▶ **TASK INPUTS**

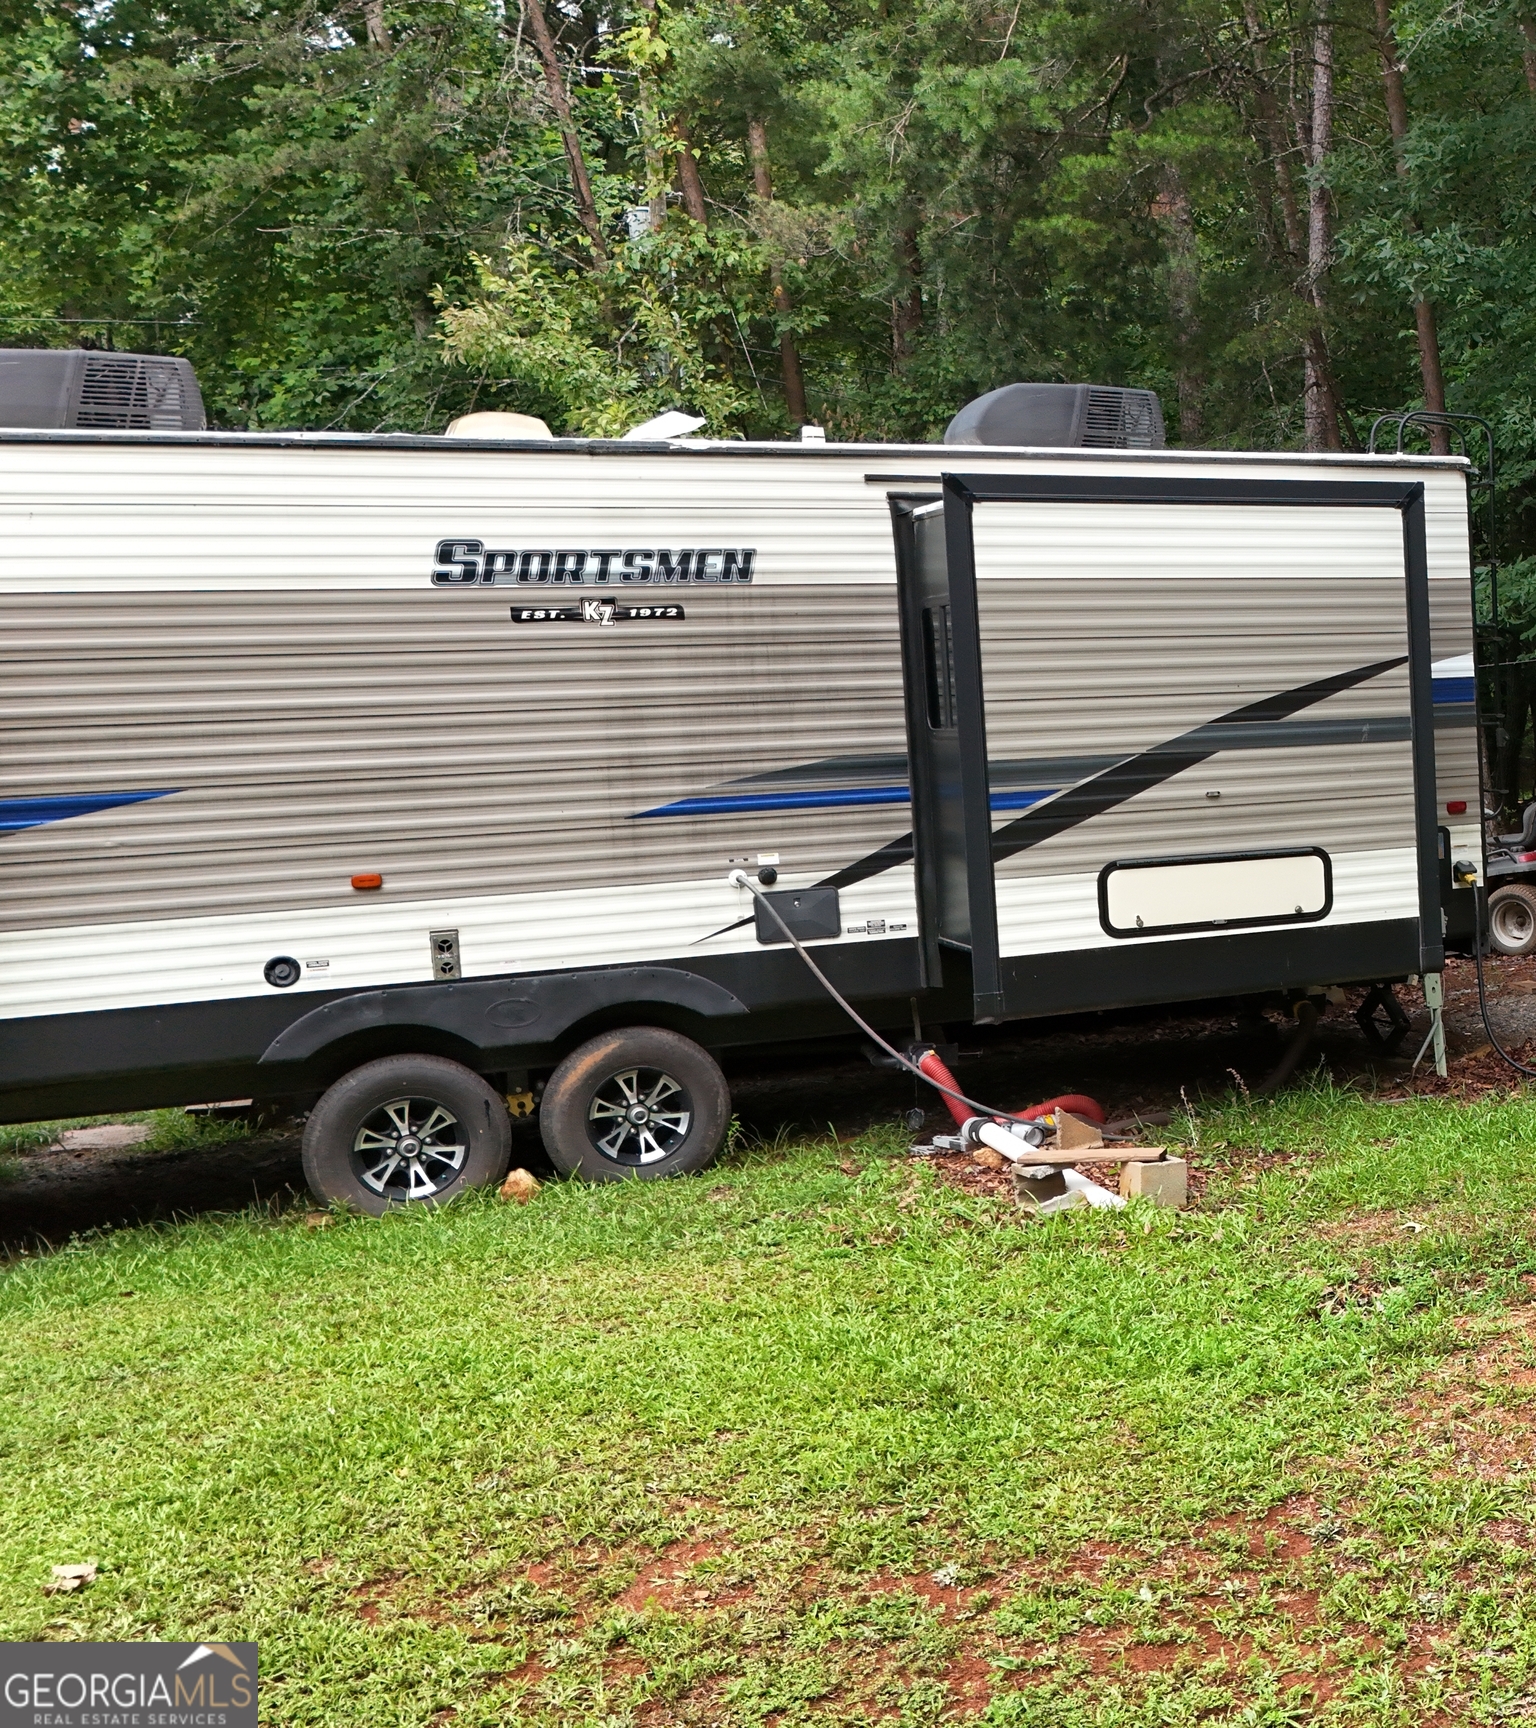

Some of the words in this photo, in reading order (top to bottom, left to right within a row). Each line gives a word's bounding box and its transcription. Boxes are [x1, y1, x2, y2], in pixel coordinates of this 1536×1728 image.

[431, 539, 757, 586] SPORTSMEN
[520, 610, 566, 620] EST.
[583, 600, 615, 627] KZ
[629, 607, 679, 617] 1972
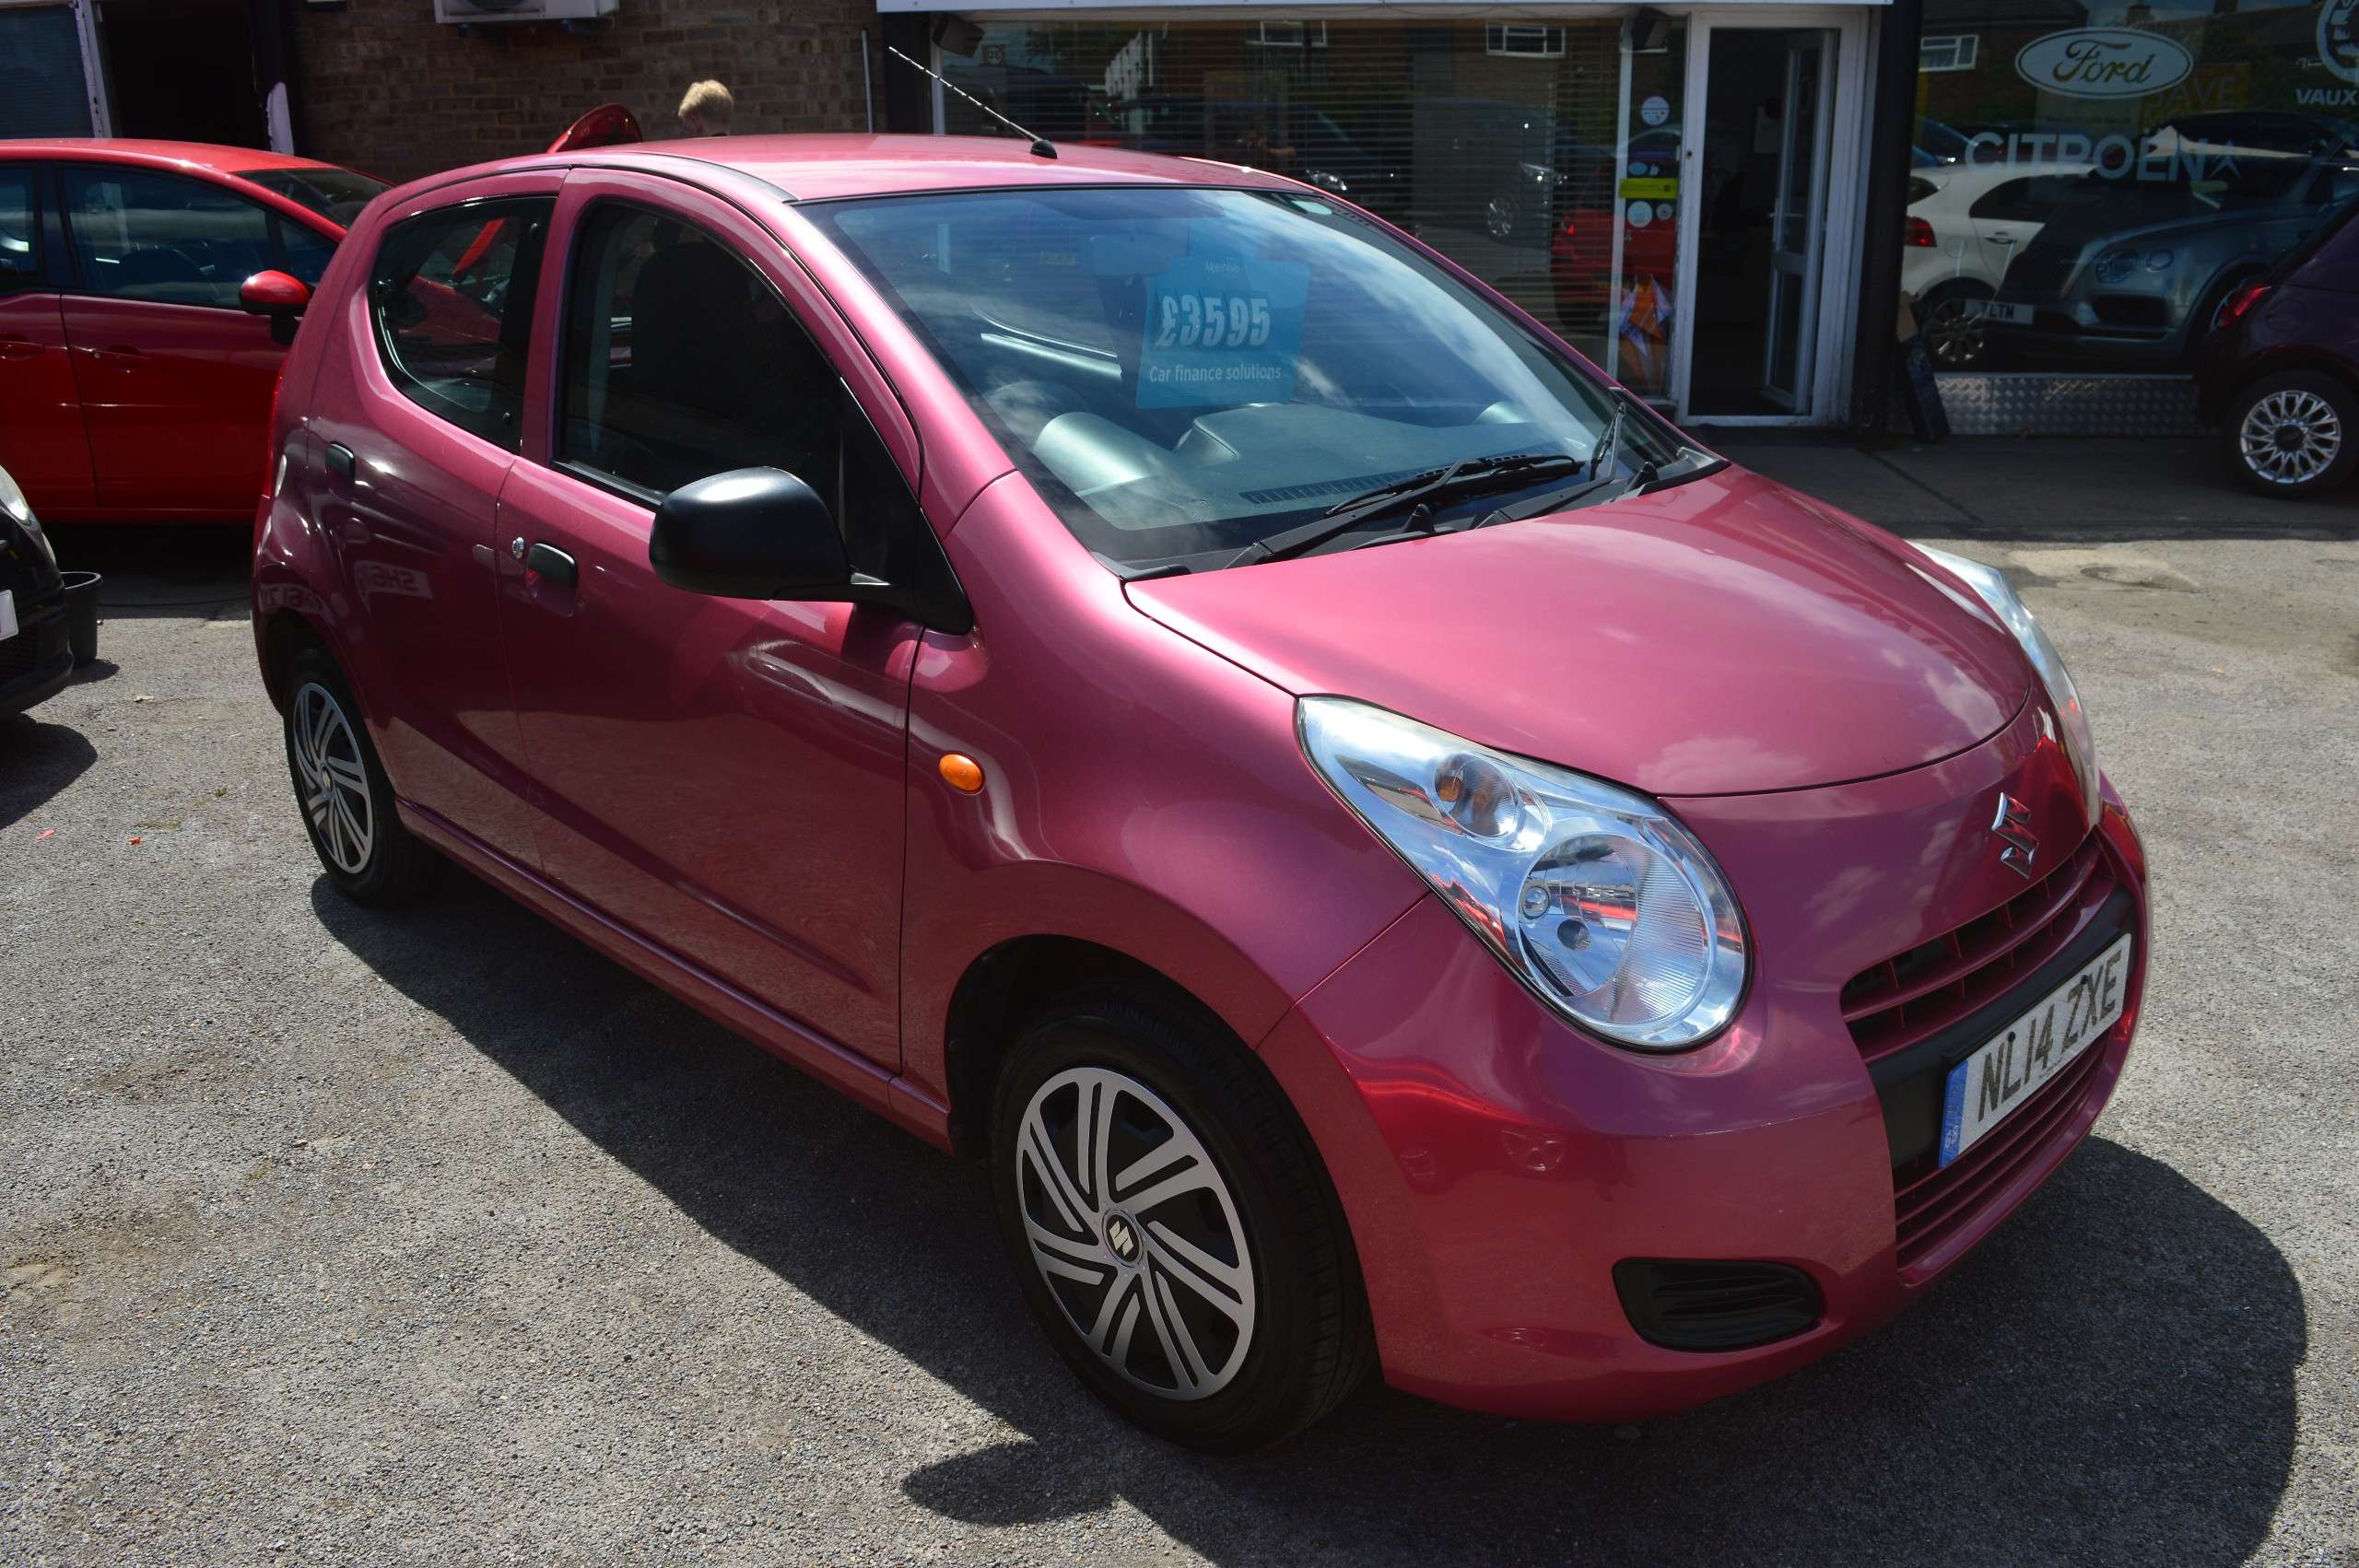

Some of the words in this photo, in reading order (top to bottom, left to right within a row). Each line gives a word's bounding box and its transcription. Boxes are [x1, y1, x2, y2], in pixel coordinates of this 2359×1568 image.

[2053, 39, 2154, 84] Ford
[1156, 294, 1271, 347] £3595
[1149, 366, 1171, 382] Car
[1175, 364, 1222, 382] finance
[1226, 363, 1282, 381] solutions
[1978, 1005, 2054, 1123] NL14
[2061, 949, 2122, 1057] ZXE

▶ **WHAT IS BEING ASKED**
Set the entries down exactly, but not the pictures.

▶ **OUTPUT FOR THIS TASK**
Some of the words in this photo, in reading order (top to bottom, left to right within a row). Each line gives a word's bounding box and its transcription. Boxes are [x1, y1, x2, y2], in pixel coordinates of this 1536×1728 image.

[431, 539, 757, 586] SPORTSMEN
[520, 610, 566, 620] EST.
[583, 600, 615, 627] KZ
[629, 607, 679, 617] 1972

Some of the words in this photo, in reading order (top to bottom, left to right within a row). Each line gives a word's bounding box and its transcription. Boxes are [x1, y1, x2, y2], in pixel coordinates of this 2359×1568 image.

[2053, 39, 2154, 84] Ford
[1156, 294, 1271, 347] £3595
[1149, 366, 1171, 382] Car
[1175, 364, 1222, 382] finance
[1226, 363, 1282, 381] solutions
[1978, 1005, 2054, 1123] NL14
[2061, 949, 2122, 1057] ZXE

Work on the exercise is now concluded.